The breakout success of Mad Men has been a huge surprise – when I started watching the show last summer, it was a cable show from a network that didn’t do such shows. It had the pedigree of Matthew Weiner, and it had some positive kudos from the critics, but what person would have predicted sixteen Emmy nominations, two Golden Globes, and a cultural firestorm so powerful that it even compelled the Canadian networks with the rights to the series to air the second season premiere before the first season has even completed airing?

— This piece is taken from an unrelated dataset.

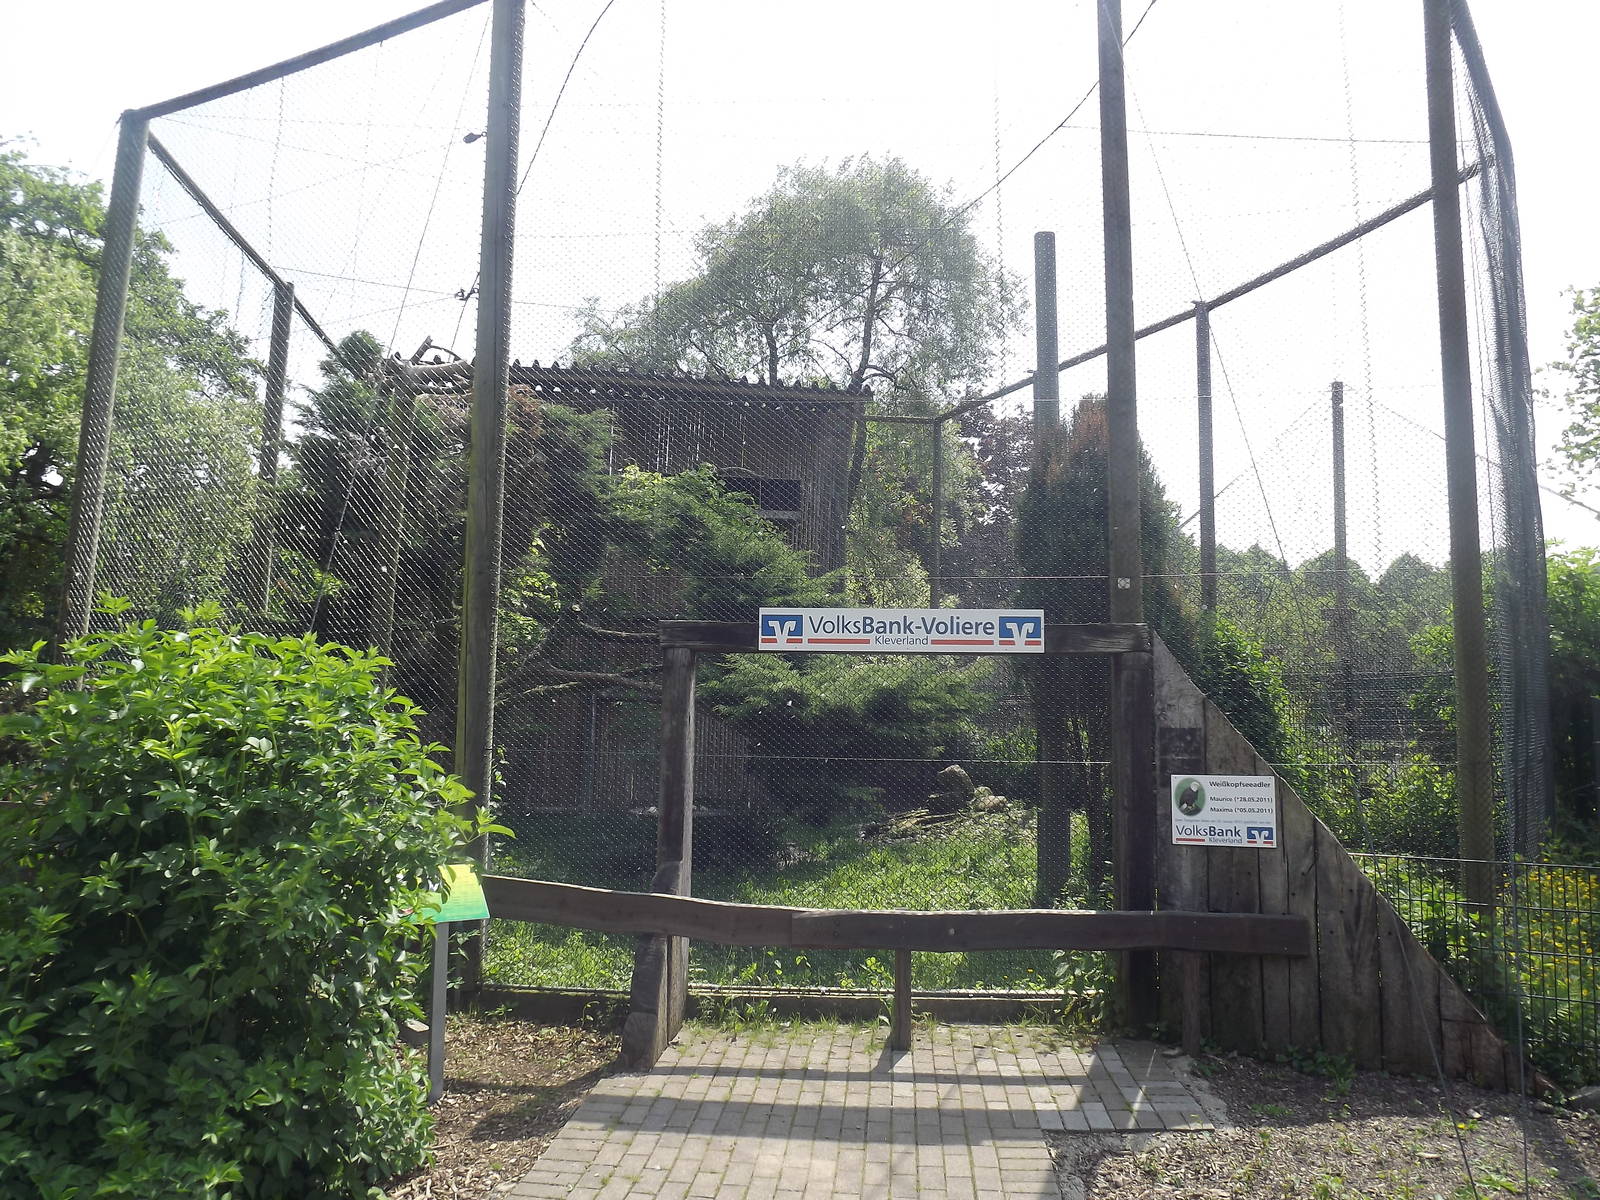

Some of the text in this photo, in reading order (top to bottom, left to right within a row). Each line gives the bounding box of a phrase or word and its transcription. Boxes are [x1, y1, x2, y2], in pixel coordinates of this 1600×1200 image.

[808, 615, 995, 636] VolksBank-Voliere
[874, 635, 929, 646] Kleverland
[1209, 781, 1271, 789] Weißkopfseeadler
[1175, 825, 1242, 837] VolksBank

But the time for kudos, set visits, really fancy DVD sets and excessive hype is over: while last season’s finale seems like ages ago at this point, it’s time to see whether the emotional resonance of “The Wheel” can be rekindled as the show picks up fifteen months later and in a whole different critical context: once a show without expectation, it has become perhaps the most closely watched sophomore session of the year.

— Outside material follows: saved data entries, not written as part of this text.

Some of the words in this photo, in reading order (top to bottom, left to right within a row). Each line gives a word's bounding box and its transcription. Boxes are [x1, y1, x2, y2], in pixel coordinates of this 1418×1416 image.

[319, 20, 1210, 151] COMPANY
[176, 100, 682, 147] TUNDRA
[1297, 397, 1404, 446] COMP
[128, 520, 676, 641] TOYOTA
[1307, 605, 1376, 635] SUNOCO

And the series is showing its age, to use the opening episode’s central theme: it is a show that allows its characters to feel all of their insecurities in a way that ages them. If we look back to each character’s trajectory, and the series’ central transportation back to another era, a lot of it is about time and the way it changes people: whether it’s Betty Draper looking back to her modeling days or Roger Sterling having an affair with Joan, the voluptuous secretary, it’s all inevitably about returning to a younger self, a younger identity.

As the show begins its second season, it strongly and intelligently hits on this note, framing a story of a Valentine’s Day where “Young” is in and where those feeling time slipping away from them are hoping to hang onto everything they can. With a large ensemble cast and a number of emotional cliffhangers to deal with, the jump forward in time brings new facial hair, new jobs, and new rumours; in the process, it’s a new season of one of television’s finest dramas.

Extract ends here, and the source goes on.